A new BMBF project at the University of Stuttgart wants to research plastics which protect the environment in two ways
[Picture: Universität Stuttgart/IMB, FreeImages.com/William Picard, FreeImages.com/as012a2569]

Conventional plastic packaging is manufactured using oil, and harms the environment as plastic waste after use. The new research project “SusPackaging” at the University of Stuttgart wants to develop biocompatible packaging materials which have sustainably-produced substrates such as fats and carbohydrates as their base material and can completely biodegrade in just a few months. Bacteria play a key role in this process.

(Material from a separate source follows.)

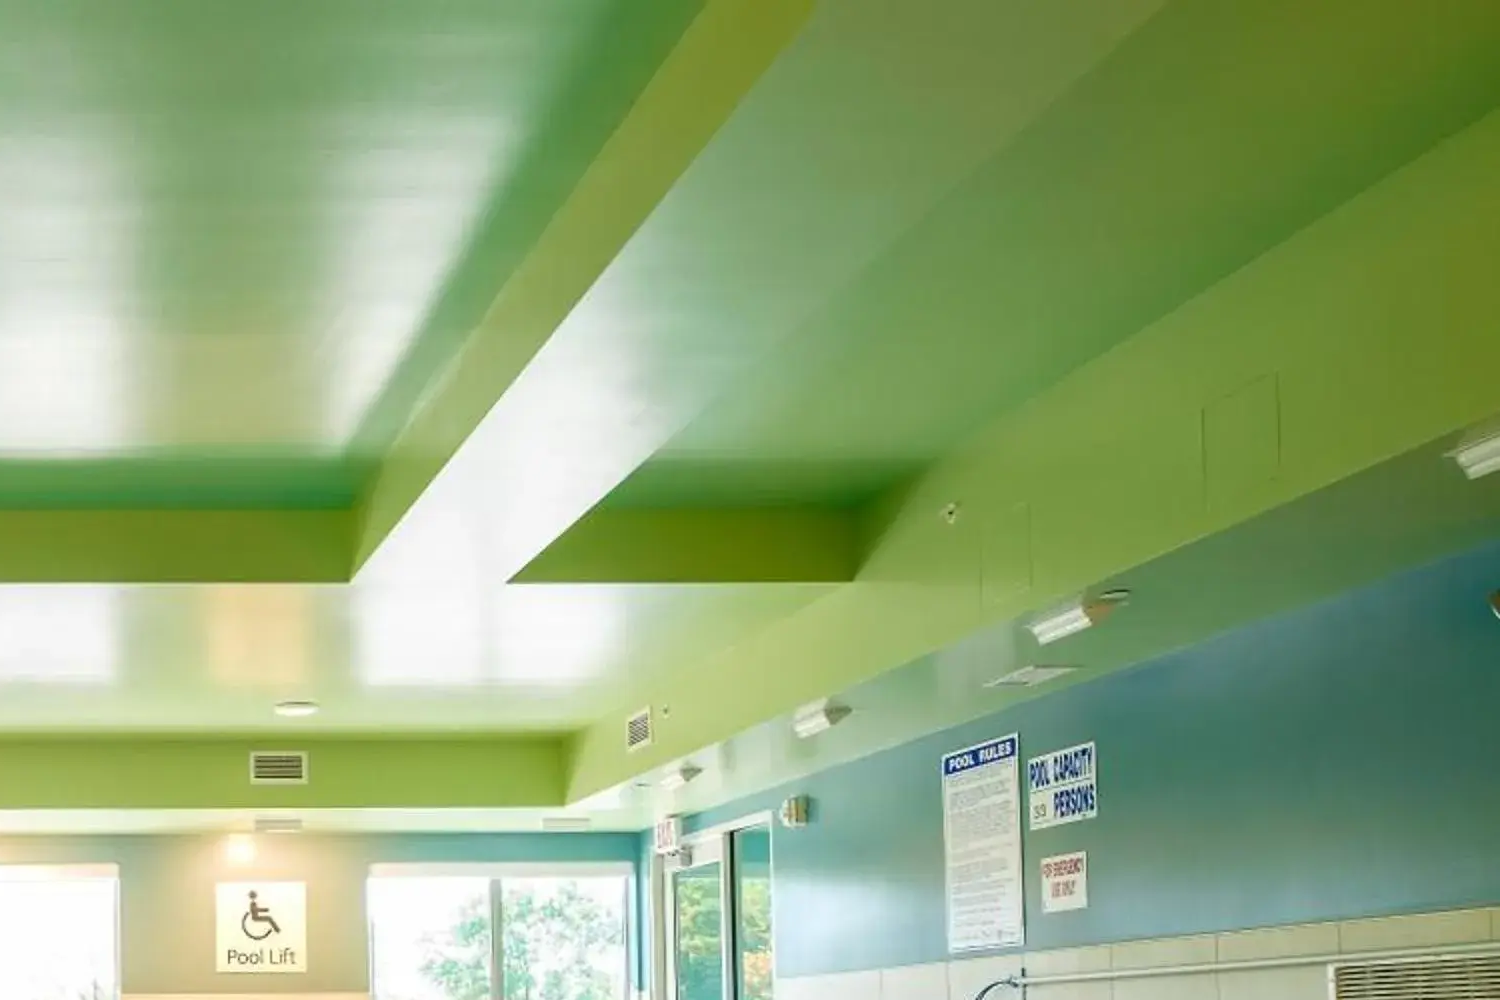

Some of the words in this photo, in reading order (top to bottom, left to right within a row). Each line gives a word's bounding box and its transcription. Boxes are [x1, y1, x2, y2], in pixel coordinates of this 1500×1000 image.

The growing mountains of plastic on our planet, and especially in the oceans, is one of the biggest environmental problems facing the world today. What makes this such a big problem is that conventional plastics in nature often last for decades or even centuries, because they do not biodegrade. So-called “biodegradable bioplastics” promise a solution to this problem. These bioplastics protect nature in two ways. Firstly, they are not based on petrochemicals, but have sustainably-produced substrates such as fats and carbohydrates as their base material. And secondly, they can completely biodegrade in nature within a few months.

This is the starting point of the "SusPackaging" project. It is formed by the Institute for Microbiology at the University of Stuttgart together with the Fraunhofer Institute for Interfacial Engineering and Biotechnology IGB and other institutes, as well as ecologically-oriented cosmetics companies such as Wala and Weleda, and is funded by the German Ministry of Education and Research (BMBF) with more than 2 million euros.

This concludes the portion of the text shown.